Russian Amerika (ARC) Page 3
"Alexi! By God, you're working a real job."
Alexi's face sported new lines and old scars. A limp now slowed him. He looked thinner than ever.
"Whose boat you workin' here?"
"Mine," Grisha said.
"So that's why you quit drinkin' with us, you were savin' your money."
"You got it, Alexi. How have you been?"
Alexi's grin dampened down to a polite grimace. "Getting by. You know, job here, job there, working as crew when the Chinook are running, or the czar krab fishery gets good. That don't happen much no more. Dimitri offered me a day job running his fuel dock, so I took it."
The suddenly diminished man ran an expert eye over Pravda. "Nice boat. Your home port is Akku these days?"
"Yeah. Even got a marriage that's going sour."
Alexi stepped back into the shack, professionally looked over his shoulder at Grisha. "Diesel or mix?"
"Diesel."
"So," Alexi said when fuel gurgled through the hose into the boat. "You got any kids?"
"No.
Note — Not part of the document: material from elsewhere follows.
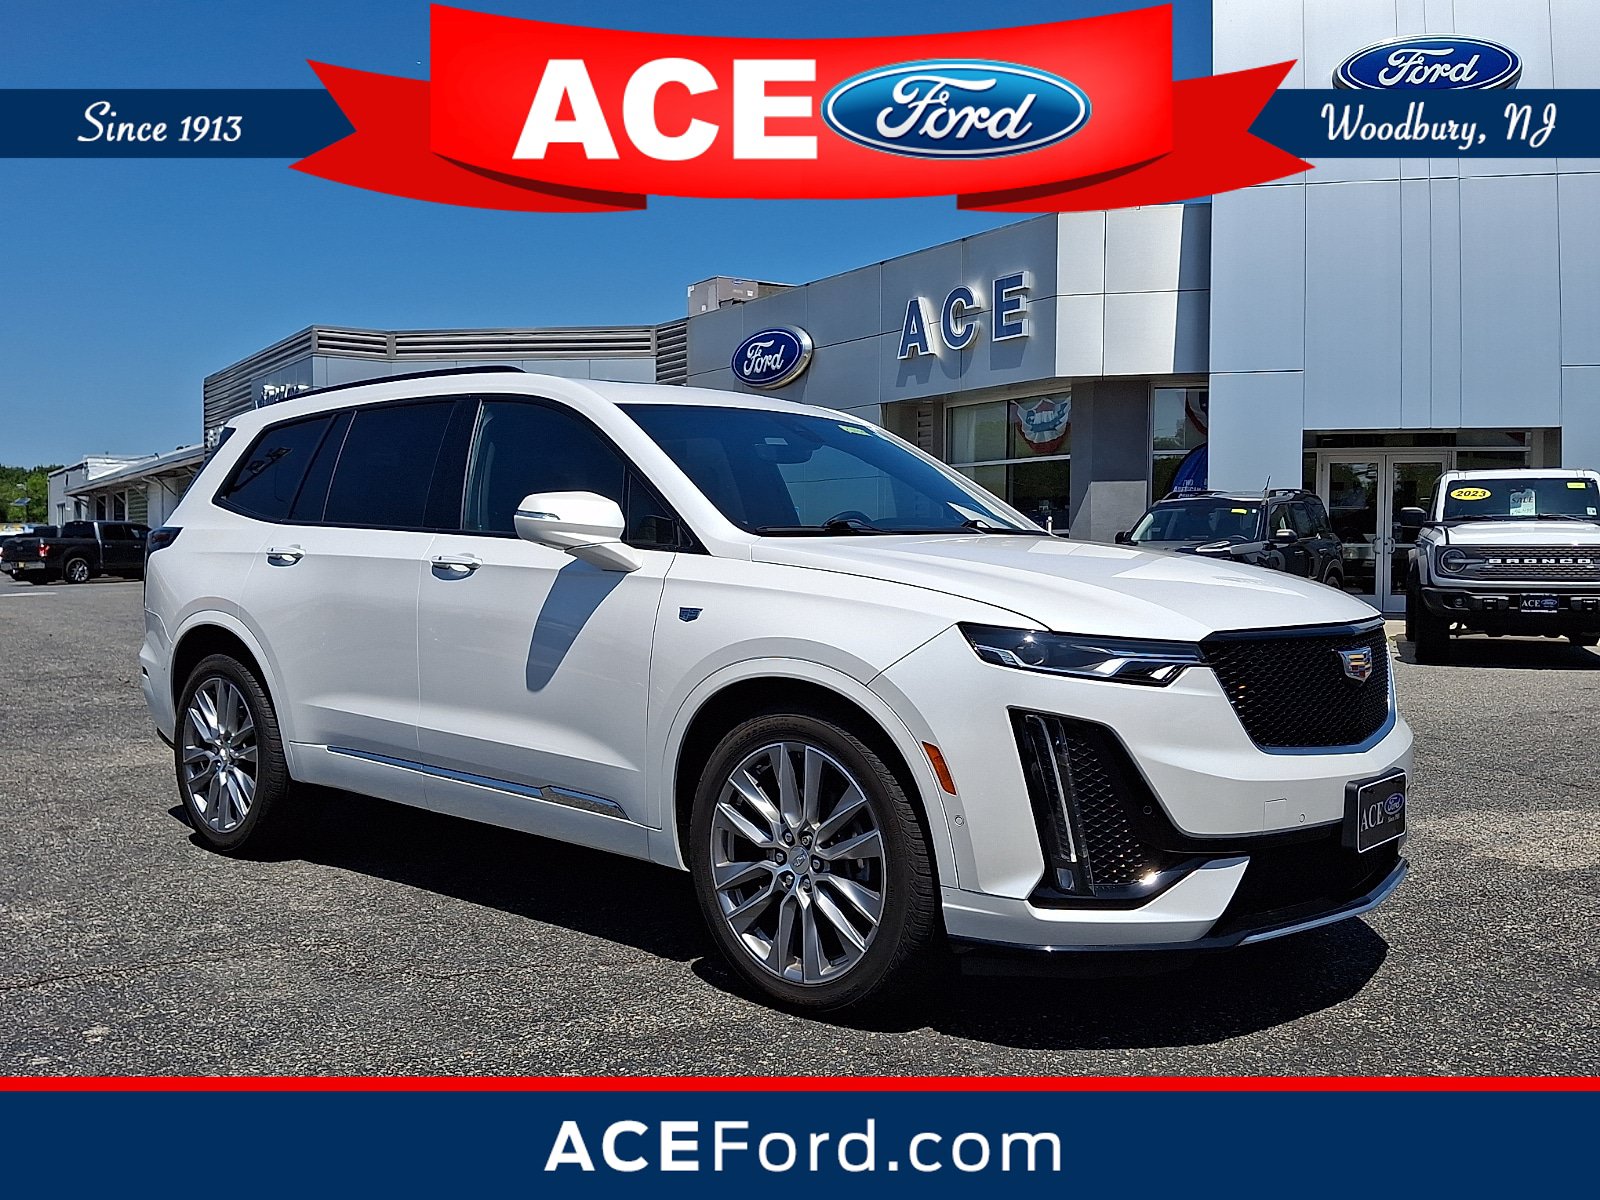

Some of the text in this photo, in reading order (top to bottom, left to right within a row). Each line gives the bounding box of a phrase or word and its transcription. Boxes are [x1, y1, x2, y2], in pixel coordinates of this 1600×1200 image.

All I have is my Pravda, here."
"Why'd you name it after something that doesn't exist?" Alexi asked with a flash of bitterness.
"She's the only truth I know," Grisha answered.
The boat rocked and Karpov came out on deck. "What is this place?"
Alexi grinned up at him. "Welcome to Fort Dionysus, home to promyshlenniks since 18—"
"I care nothing about fur hunter dens. Is food to be had here?"
"There's a lodge just up the street from the end of that dock," Alexi said, jabbing a thumb toward the shack.
Karpov gave Grisha a sour glance. "You will come and tell me when you are ready to leave, Captain Grigorievich." Then he stomped up the ramp to solid ground.
"Thought you was done with the military," Alexi stared at him under raised brows. "What you doing with a fucking cossack like that?"
"If I knew, I'm not sure I could tell you, old friend."
After Grisha paid for the fuel, he moved Pravda to transient moorage, then found his way up to the Canada House Lodge. Despite the late hour, the sun barely touched the mountains on Zarembo Island. Diners laughed, drank, and ate on the screened-in deck.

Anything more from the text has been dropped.